In other words, a poet had to be sensitive to the things around him, accepting the insights afforded by the creative process without searching for reasons. Keats believed that by fully focusing on a particular moment or object, he could rise above the ordinary to reveal a more profound meaning which he could share with his readers. Keats’ poetry combines this sense of intellectual enquiry with a deeply sensuous grasp of the physical world. 

Keats and Shelley

Percy Bysshe ShelleyKeats was introduced to another Romantic poet, Percy Bysshe Shelley by Leigh Hunt in 1816. Although they became friends and great admirers of each other’s work, Keats was always slightly in awe of Shelley (who was three years older). Shelley came from an aristocratic background and he combined scholarship and sharp intelligence with the sort of social confidence and elegance that Keats could never aspire to. Shelley was also extremely outspoken and relished his ability to destroy the argument of anyone who tried to defend what Shelley saw as the grave injustices of religion, politics or sexual morality. 
 
Although Keats was diffident, he was also intensely curious about Shelley’s ideas and admiring of his poetic talent. When Shelley advised Keats to delay the publication of his first volume of Poems until he had something more substantial to offer, Keats turned down the advice, even though he would have avoided some of the critical attacks if he had heeded his friend’s advice. This attitude no doubt sprang from Keats’ attempt to distance himself from a very strong personality. The same was probably true when Shelley invited Keats to spend the summer with him at Marlow. Keats felt that he needed his own ‘unfettered scope’, something which too much of Shelley and his outspoken friends may well have prevented.
 
Throughout their relationship, Shelley was a staunch supporter of Keats’ work.

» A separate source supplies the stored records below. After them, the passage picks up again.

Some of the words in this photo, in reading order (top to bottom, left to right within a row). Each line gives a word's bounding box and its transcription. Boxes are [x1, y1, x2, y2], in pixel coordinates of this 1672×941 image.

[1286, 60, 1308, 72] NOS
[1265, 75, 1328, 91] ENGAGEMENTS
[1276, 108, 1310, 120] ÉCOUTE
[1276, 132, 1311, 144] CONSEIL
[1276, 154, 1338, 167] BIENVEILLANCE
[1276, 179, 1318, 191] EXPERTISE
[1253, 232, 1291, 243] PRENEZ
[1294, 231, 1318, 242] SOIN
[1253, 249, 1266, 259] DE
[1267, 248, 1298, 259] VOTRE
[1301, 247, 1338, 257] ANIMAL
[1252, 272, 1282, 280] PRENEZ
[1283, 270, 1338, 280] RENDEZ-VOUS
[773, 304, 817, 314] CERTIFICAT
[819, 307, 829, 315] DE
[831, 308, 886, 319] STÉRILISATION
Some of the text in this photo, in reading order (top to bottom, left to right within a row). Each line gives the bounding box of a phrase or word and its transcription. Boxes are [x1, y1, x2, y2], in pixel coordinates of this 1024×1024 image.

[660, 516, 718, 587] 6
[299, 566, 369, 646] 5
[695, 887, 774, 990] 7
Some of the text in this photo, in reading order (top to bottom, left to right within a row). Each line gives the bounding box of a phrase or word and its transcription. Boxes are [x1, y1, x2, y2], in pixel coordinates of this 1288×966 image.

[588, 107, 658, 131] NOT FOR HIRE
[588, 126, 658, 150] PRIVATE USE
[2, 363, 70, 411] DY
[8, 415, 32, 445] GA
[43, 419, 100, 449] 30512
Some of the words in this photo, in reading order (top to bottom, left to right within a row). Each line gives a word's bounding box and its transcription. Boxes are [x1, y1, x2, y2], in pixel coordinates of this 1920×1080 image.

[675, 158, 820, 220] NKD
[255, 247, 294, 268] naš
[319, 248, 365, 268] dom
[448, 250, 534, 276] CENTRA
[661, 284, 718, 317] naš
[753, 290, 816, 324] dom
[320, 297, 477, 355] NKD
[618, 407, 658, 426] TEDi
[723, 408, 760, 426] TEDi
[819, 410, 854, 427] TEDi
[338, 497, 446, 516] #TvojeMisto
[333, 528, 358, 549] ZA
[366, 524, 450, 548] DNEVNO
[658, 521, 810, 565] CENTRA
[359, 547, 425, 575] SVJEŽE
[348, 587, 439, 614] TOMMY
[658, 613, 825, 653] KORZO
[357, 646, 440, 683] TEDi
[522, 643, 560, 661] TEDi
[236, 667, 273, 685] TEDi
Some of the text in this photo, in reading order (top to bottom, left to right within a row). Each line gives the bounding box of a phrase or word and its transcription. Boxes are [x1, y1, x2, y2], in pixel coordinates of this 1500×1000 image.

If Keats received hostile reviews, then Shelley sometimes exaggerated them - as examples of the reactionary forces he was dedicated to fight.
 
Shelley was staying in Rome when the dying Keats and his friend Joseph Severn arrived there in November 1820. Although Shelley invited them to stay with him, the invitation was declined. As a response to Keats’ death, Shelley wrote Adonais: An Elegy on the Death of John Keats (1821). Written in Spenserian stanzas, the elegy moves from an account of the mourning at Keats’ funeral bier to a triumphant declaration of his immortality. When Shelley drowned in 1822, a copy of Keats’ Poems was found in his pocket.